Las guías clínicas recomiendan que los hombres jóvenes realicen ese proceso al menos una vez al mes, inmediatamente después de una ducha caliente (el calor relaja la piel del escroto). “El procedimiento técnico consiste en examinar cada testículo rodándolo suavemente entre los pulgares y los demás dedos de ambas manos, buscando cualquier bulto, nódulo duro, cambios en el tamaño, forma o consistencia del órgano, o cualquier otra anormalidad palpable”, dice el especialista.

En la mayoría de los casos, los pacientes identifican la enfermedad al detectar un bulto o inflamación en uno de sus testículos, el que casi siempre es indoloro en sus etapas iniciales. El urólogo indica que “ese hallazgo fortuito, ya sea durante el autoexamen sistémico o en actividades cotidianas, constituye la señal de alerta más frecuente y clínicamente más importante para la detección temprana”.

A esto se suman otros síntomas como sensación de pesadez o plenitud del escroto, acumulación de líquido en esa zona, dolor sordo, molestias en la parte baja del abdomen (o en la región inguinal) o hinchazón repentina. “Es importante destacar que, aunque un bulto en sí suele ser indoloro, un tumor puede causar dolor si hay hemorragia interna o infarto del tejido tumoral”, dice el facultativo.

El jefe de urología de Hospital Barros Luco también señala la existencia de síntomas sistémicos. “Algunos tumores testiculares producen hormonas que pueden causar agrandamiento o sensibilidad del tejido mamario (ginecomastia).

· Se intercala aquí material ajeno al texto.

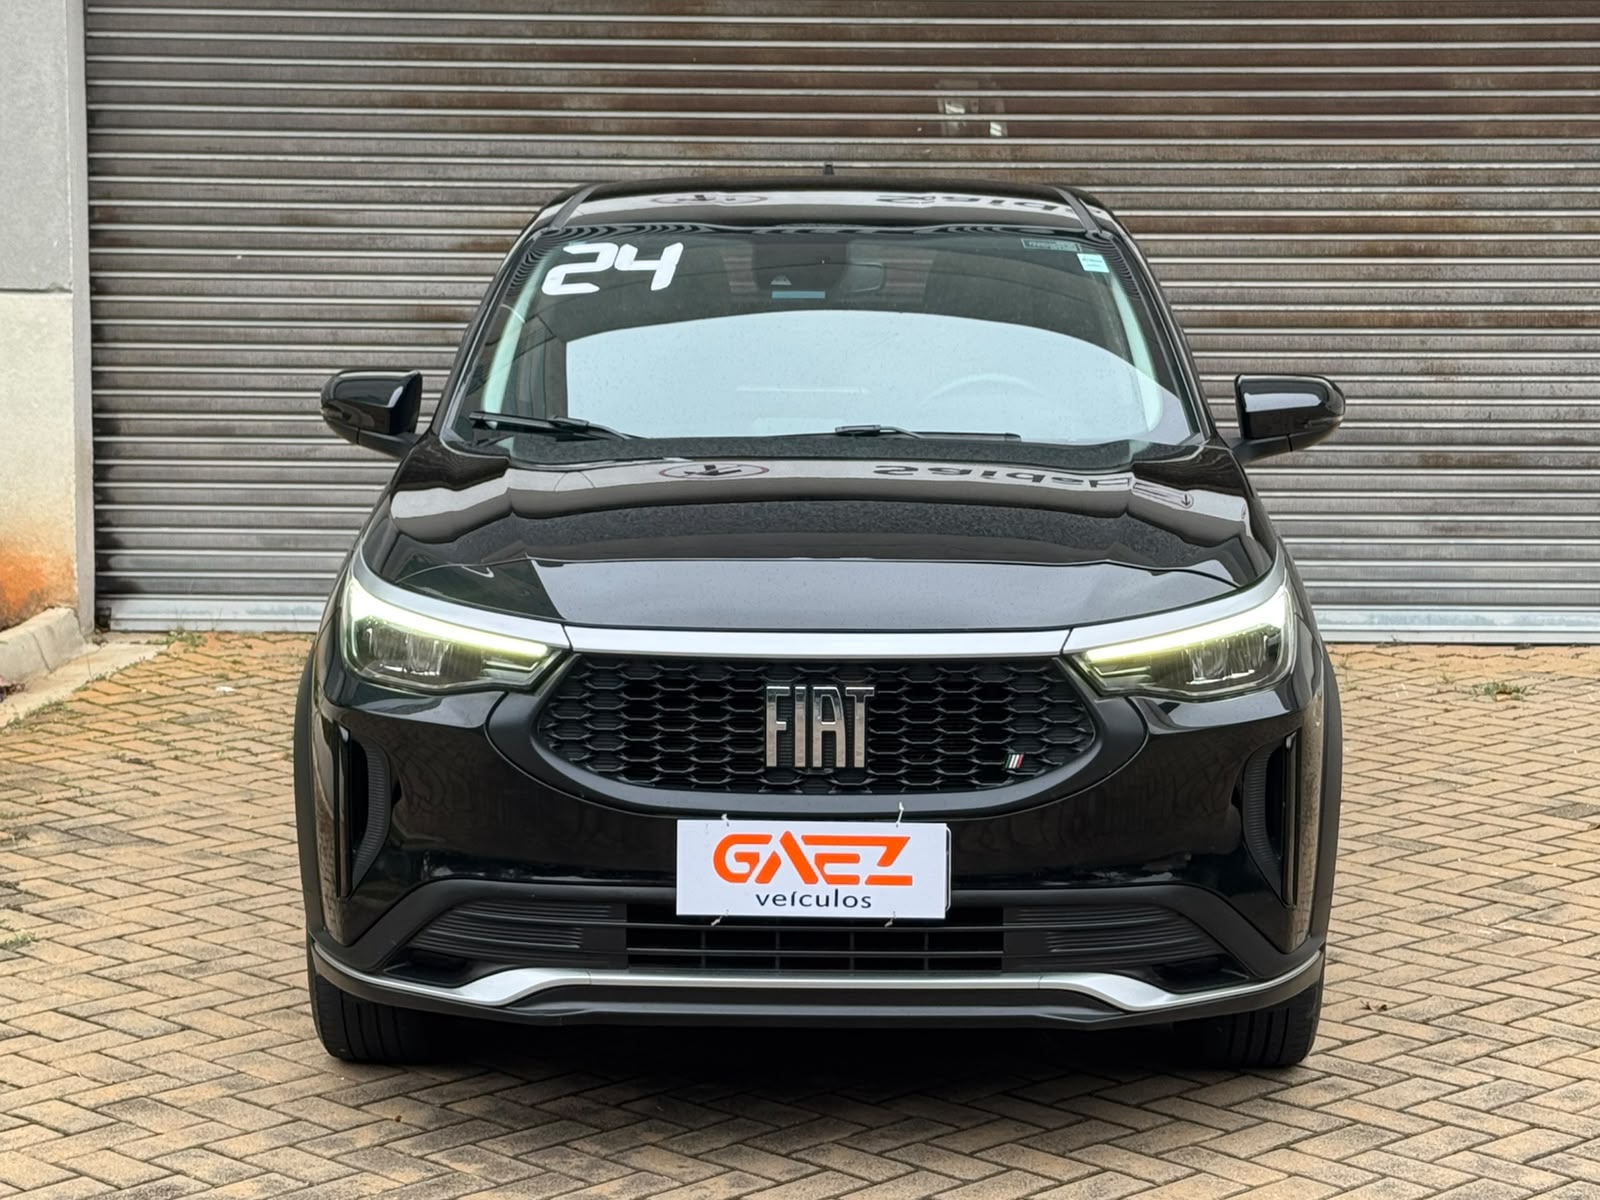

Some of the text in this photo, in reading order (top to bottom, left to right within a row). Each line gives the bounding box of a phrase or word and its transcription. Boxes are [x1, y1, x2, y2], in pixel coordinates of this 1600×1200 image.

[541, 242, 684, 296] 24
[765, 686, 875, 768] FIAT
[713, 830, 913, 886] GAEZ
[755, 888, 872, 909] veículos

Ahora, si el cáncer se ha propagado a otras partes del cuerpo (por metástasis), pueden aparecer molestias adicionales, como dolor lumbar, de espalda o torácico, tos, dificultad en la respiración o síntomas neurológicos, si es que hay afectación del sistema nervioso central”, manifiesta. 

¿Y qué pasa con los exámenes de sangre? Alarcón manifiesta que “aunque los análisis de rutina no detectan esta enfermedad de manera directa, los médicos utilizan análisis específicos referidos al plasma para buscar “marcadores tumorales sérico que incluyen la alfafetoproteína, la gonadotropina coriónica humana beta (hCG) y la lactato deshidrogenasa. Estos suelen estar elevados en presencia de cáncer testicular, particularmente en tumores no seminomatosos, y son cruciales tanto para el diagnóstico como para el seguimiento y evaluación de respuesta al tratamiento”, relata.

¿QUÉ HACER ANTE LA PRESENCIA DE UN BULTO?

Si una persona se encuentra con un bulto en una de sus gónadas, las recomendaciones estándar indican que la primera atención de salud sea con un médico general, de atención primaria o con un urólogo. Este último es especialista en el sistema reproductivo masculino y en el tracto urinario. Por lo mismo, es ese facultativo quien está plenamente capacitado para realizar los exámenes clínicos iniciales, ordenar las pruebas pertinentes (que incluyen la ecografía testicular y análisis de marcadores tumorales en sangre) y quien puede confirmar o descartar un diagnóstico de malignidad. Tras esos pasos cuando, un paciente es derivado a un oncólogo y/o radiólogo para la planificación e implementación de los tratamientos complementarios si es que fueran necesarios.

La buena noticia es que el cáncer testicular es de los más tratables si es que los tratamientos se realizan en los momento adecuados. Entre estos figuran la cirugía denominada Orquiectomía Inguinal Radical (y que consiste en la extirpación quirúrgica completa del testículo afectado a través de una incisión en la región inguinal), quimioterapia, radioterapia y, finalmente, la vigilancia activa.

“A pesar del impacto emocional del diagnóstico, el cáncer testicular es uno de los cánceres más tratables y curables de la medicina moderna, con tasas de curación que superan el 90% incluso en casos avanzados. El promedio de supervivencia  relativa a cinco años para todos los hombres con cáncer testicular es cercana al 95%, y alcanza el 99% cuando la enfermedad se diagnostica en estadio localizado”, concluye el especialista.